_Your task_
All the data should be repeated exactly. Any image in it is left out.

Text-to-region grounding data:
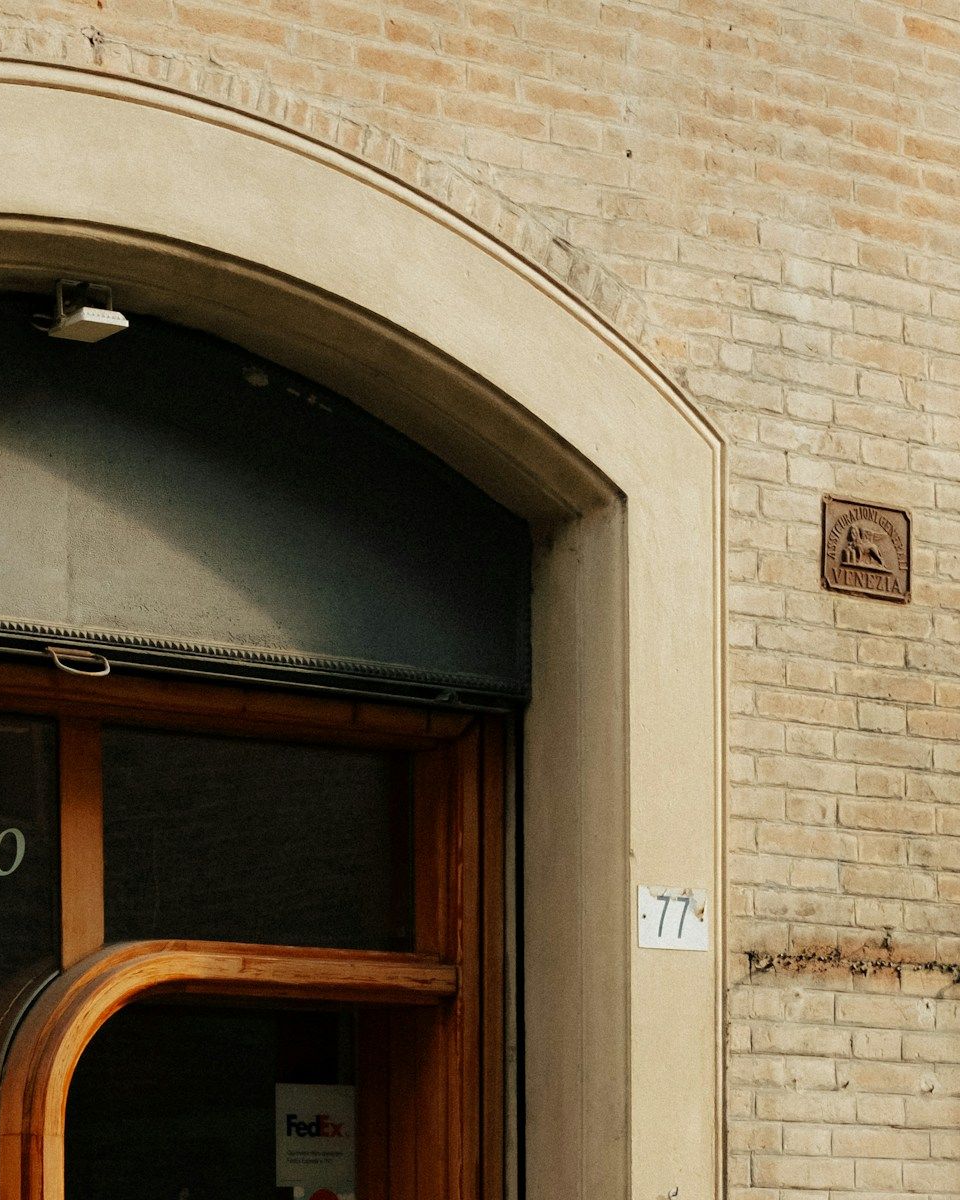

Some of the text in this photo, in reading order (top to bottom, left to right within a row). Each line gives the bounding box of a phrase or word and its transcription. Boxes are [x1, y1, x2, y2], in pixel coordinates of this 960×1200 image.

[827, 507, 878, 559] ASSICURAZIONI
[832, 568, 902, 593] VENEZIA
[657, 896, 691, 939] 77
[286, 1114, 344, 1137] FedEx
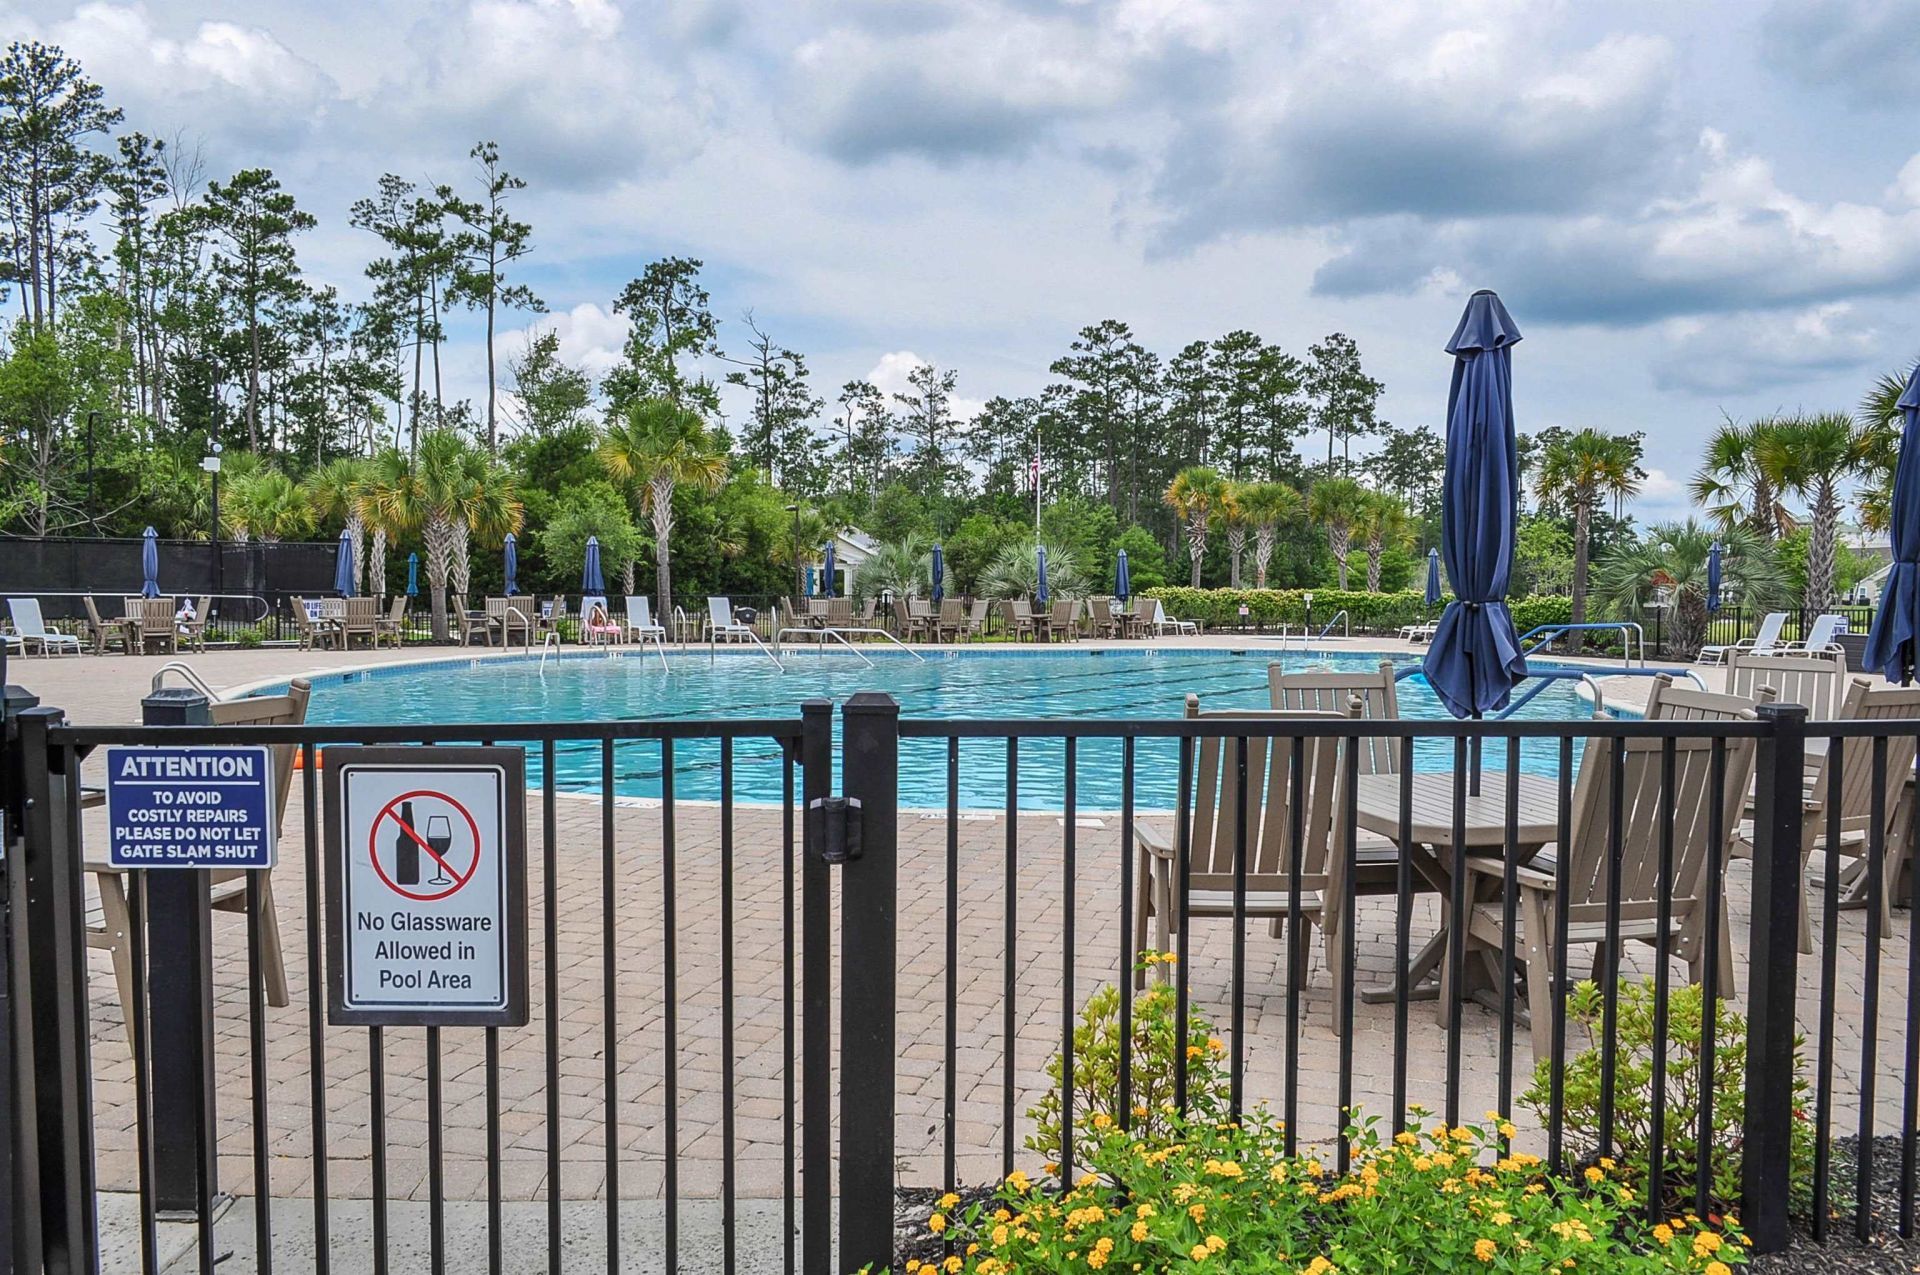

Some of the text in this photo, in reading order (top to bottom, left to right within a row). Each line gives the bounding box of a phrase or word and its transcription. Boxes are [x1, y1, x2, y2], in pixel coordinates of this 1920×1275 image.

[120, 756, 252, 776] ATTENTION
[153, 792, 222, 804] TO AVOID
[128, 809, 248, 822] COSTLY REPAIRS
[116, 828, 261, 840] PLEASE DO NOT LET
[120, 845, 258, 858] GATE SLAM SHUT
[358, 912, 492, 932] No Glassware
[374, 940, 475, 960] Allowed in
[380, 970, 472, 989] Pool Area
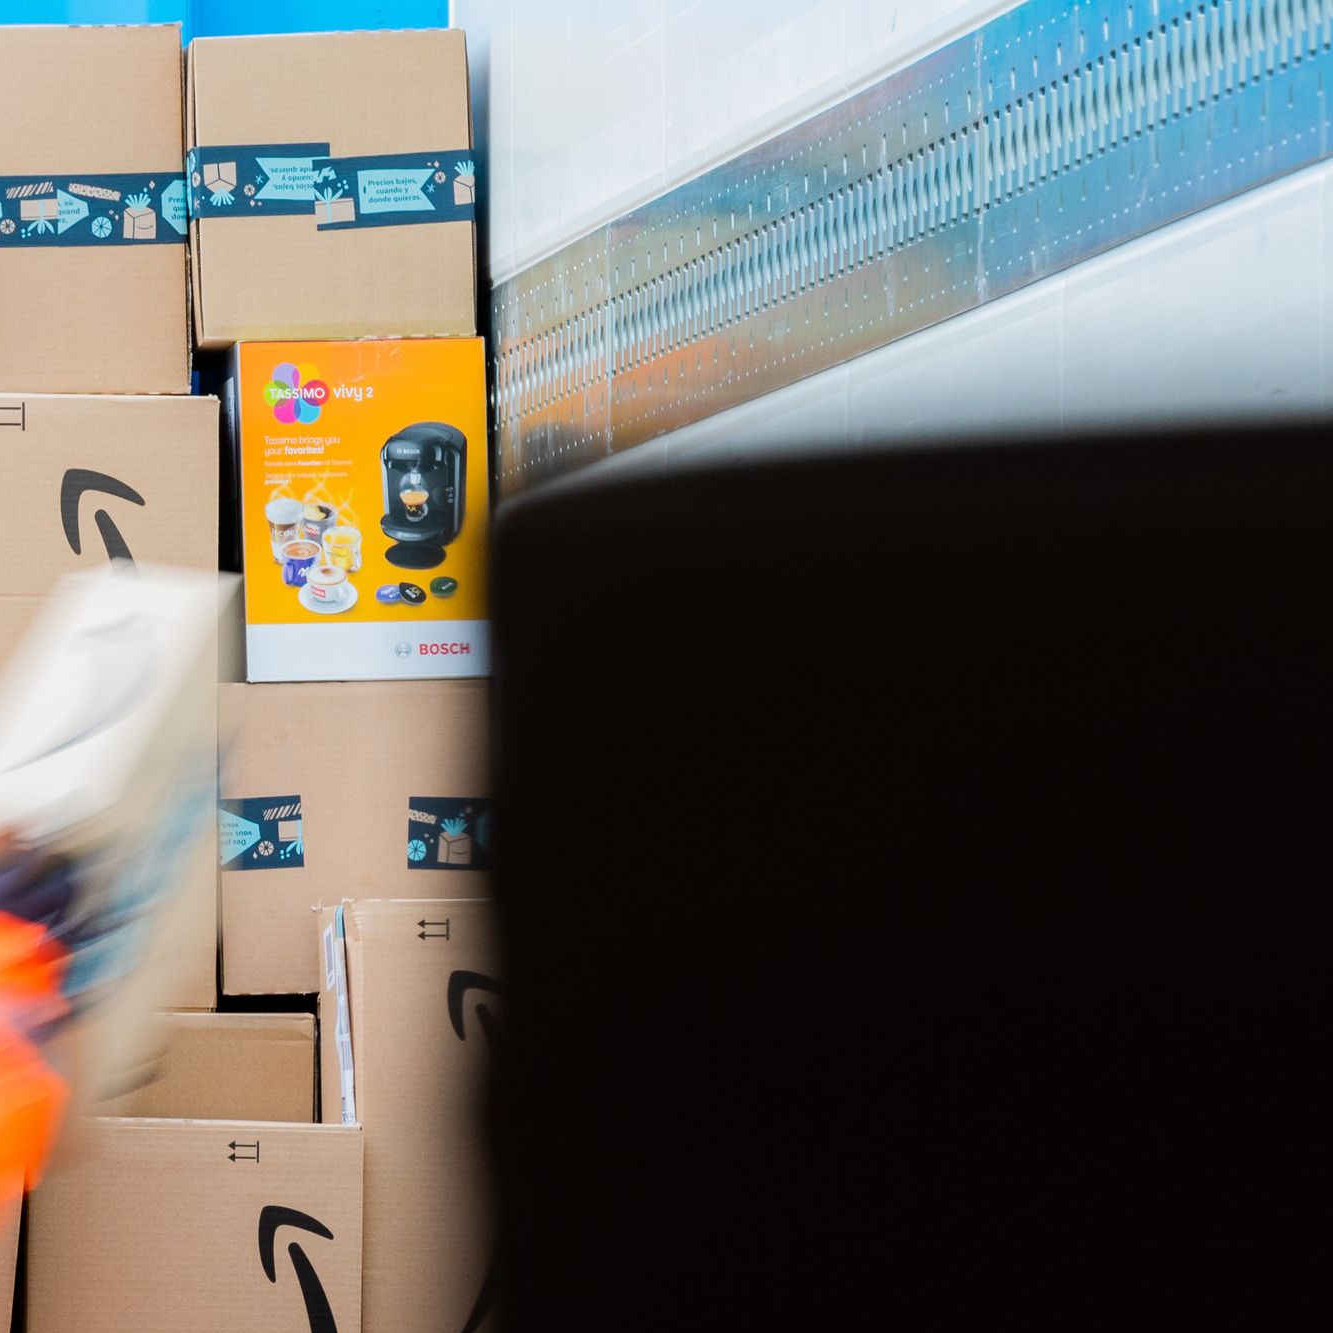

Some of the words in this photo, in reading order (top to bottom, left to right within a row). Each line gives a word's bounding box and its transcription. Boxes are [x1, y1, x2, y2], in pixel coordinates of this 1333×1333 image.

[368, 178, 394, 187] Precios
[394, 176, 417, 186] bajos,
[375, 185, 403, 195] cuando
[403, 185, 409, 194] y
[369, 195, 391, 203] donde
[392, 193, 421, 203] quieras.
[268, 387, 326, 399] TASSIMO
[333, 384, 363, 402] vivy
[365, 387, 374, 398] 2
[264, 435, 297, 445] Tassimo
[299, 435, 323, 446] brings
[325, 436, 341, 446] you
[264, 447, 282, 457] your
[284, 445, 325, 455] favorites!
[419, 642, 471, 655] BOSCH
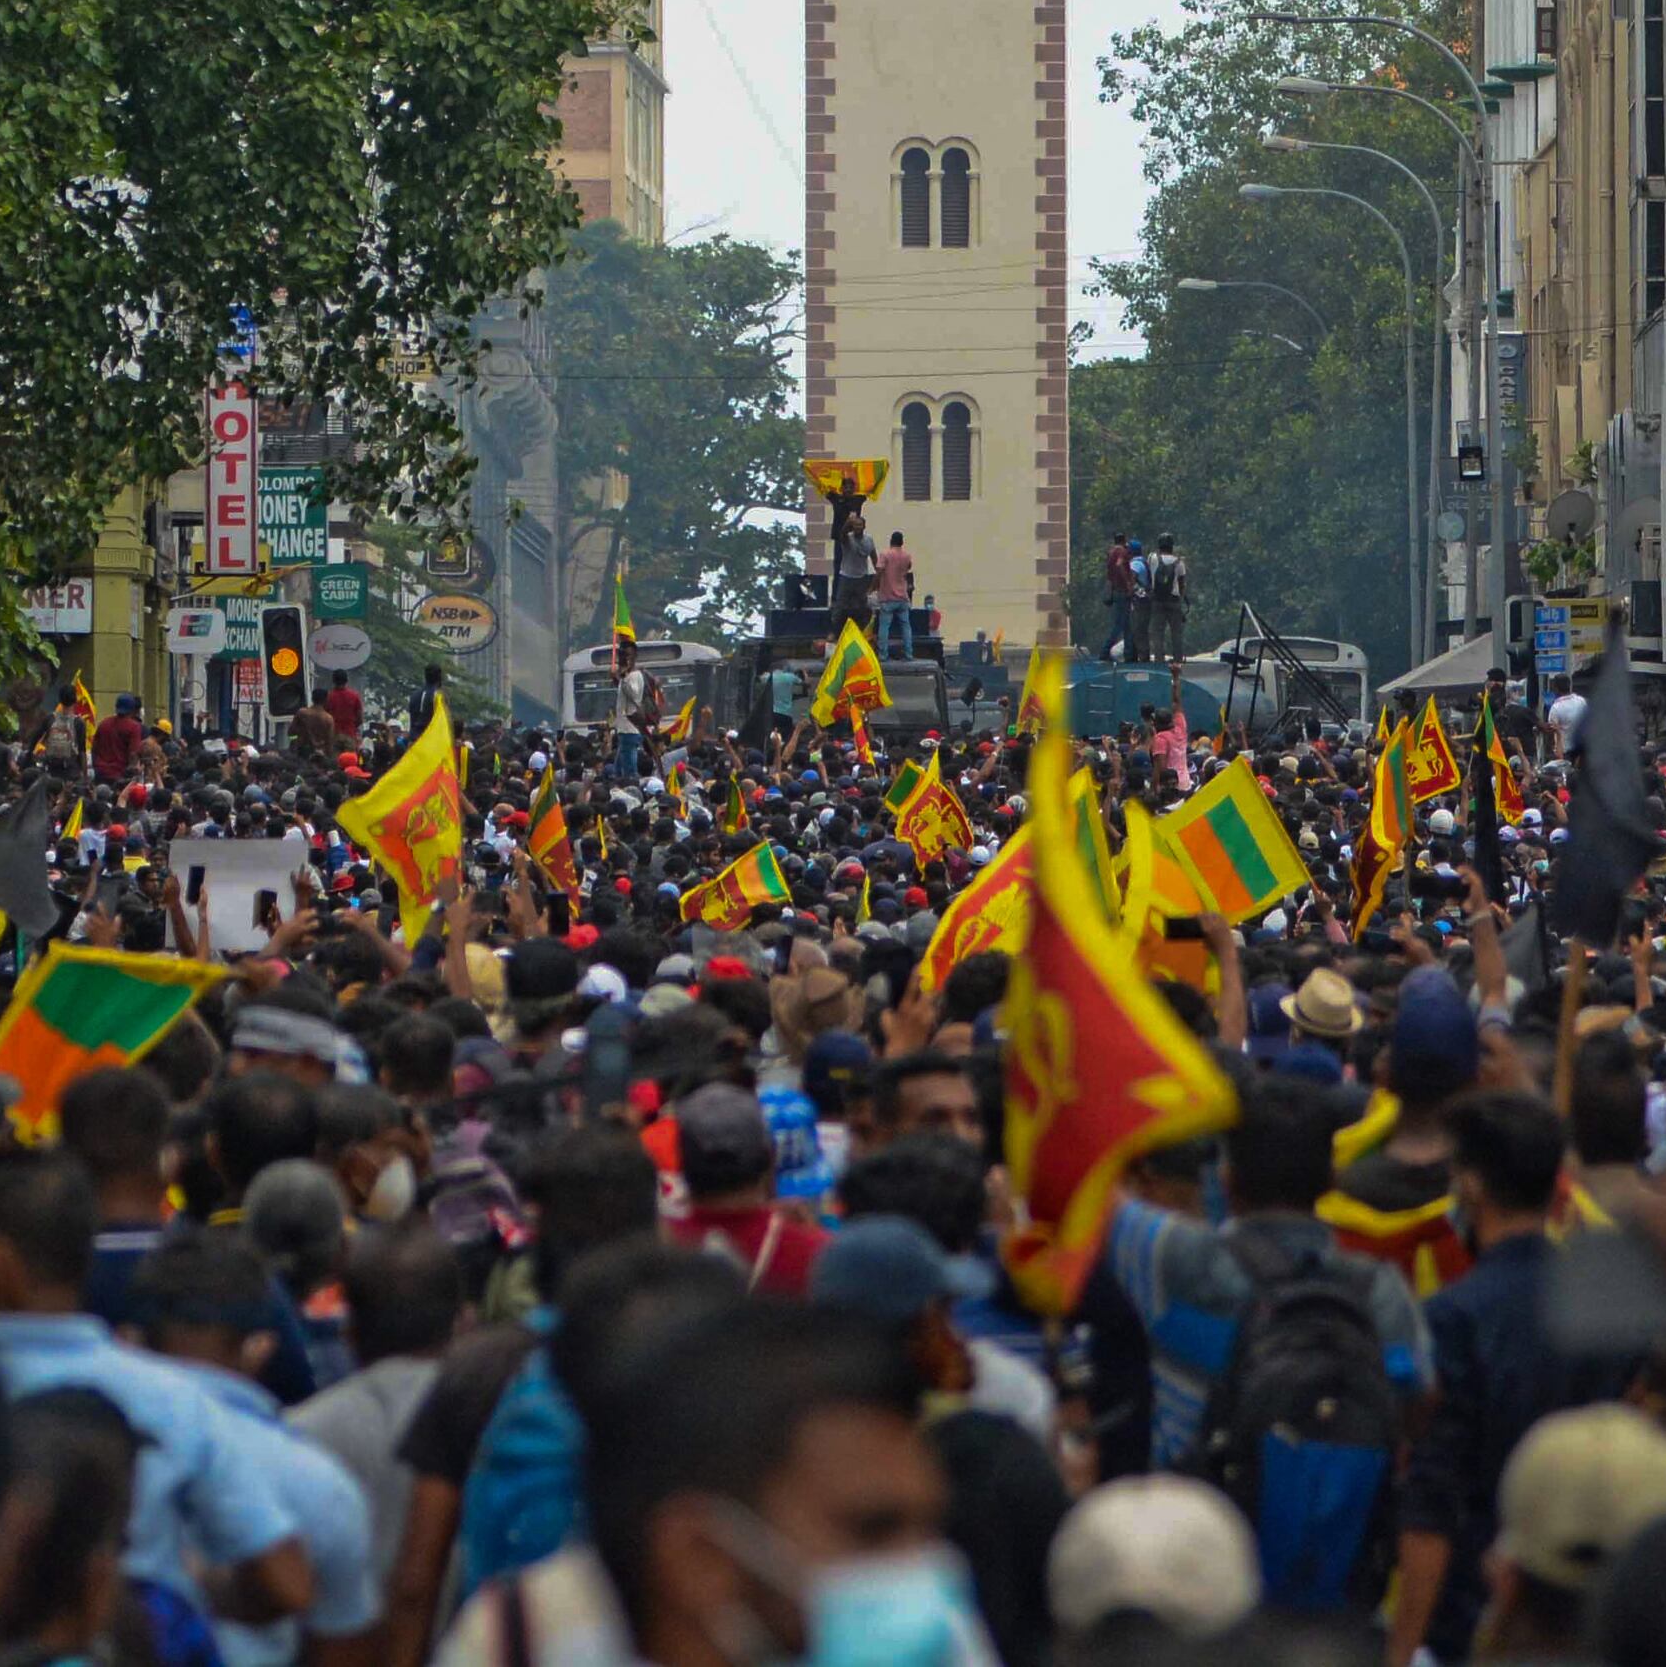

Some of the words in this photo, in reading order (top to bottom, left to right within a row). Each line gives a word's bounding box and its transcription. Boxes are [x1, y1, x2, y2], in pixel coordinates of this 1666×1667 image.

_Exercise solution_
Some of the text in this photo, in reading order (top to bottom, left to right within a row). Each line gives the bounding box of a phrase or word and its transcription. Boxes are [x1, y1, x2, y2], in pixel coordinates of this 960×1200 image.

[827, 507, 878, 559] ASSICURAZIONI
[832, 568, 902, 593] VENEZIA
[657, 896, 691, 939] 77
[286, 1114, 344, 1137] FedEx

Some of the text in this photo, in reading order (top to bottom, left to right within a row). Each line gives the bounding box of a phrase or word and its transcription. Boxes are [x1, y1, x2, y2], in pixel coordinates of this 1920×1275 image.

[120, 756, 252, 776] ATTENTION
[153, 792, 222, 804] TO AVOID
[128, 809, 248, 822] COSTLY REPAIRS
[116, 828, 261, 840] PLEASE DO NOT LET
[120, 845, 258, 858] GATE SLAM SHUT
[358, 912, 492, 932] No Glassware
[374, 940, 475, 960] Allowed in
[380, 970, 472, 989] Pool Area

Some of the words in this photo, in reading order (top to bottom, left to right within a row). Each line gives a word's bounding box and its transcription. Boxes are [x1, y1, x2, y2], in pixel coordinates of this 1333×1333 image.

[368, 178, 394, 187] Precios
[394, 176, 417, 186] bajos,
[375, 185, 403, 195] cuando
[403, 185, 409, 194] y
[369, 195, 391, 203] donde
[392, 193, 421, 203] quieras.
[268, 387, 326, 399] TASSIMO
[333, 384, 363, 402] vivy
[365, 387, 374, 398] 2
[264, 435, 297, 445] Tassimo
[299, 435, 323, 446] brings
[325, 436, 341, 446] you
[264, 447, 282, 457] your
[284, 445, 325, 455] favorites!
[419, 642, 471, 655] BOSCH

Some of the words in this photo, in reading order (top to bottom, left to right within a row). Each line gives a word's bounding box and its transcription. Boxes are [x1, y1, x2, y2], in pixel coordinates of this 1666×1667 image.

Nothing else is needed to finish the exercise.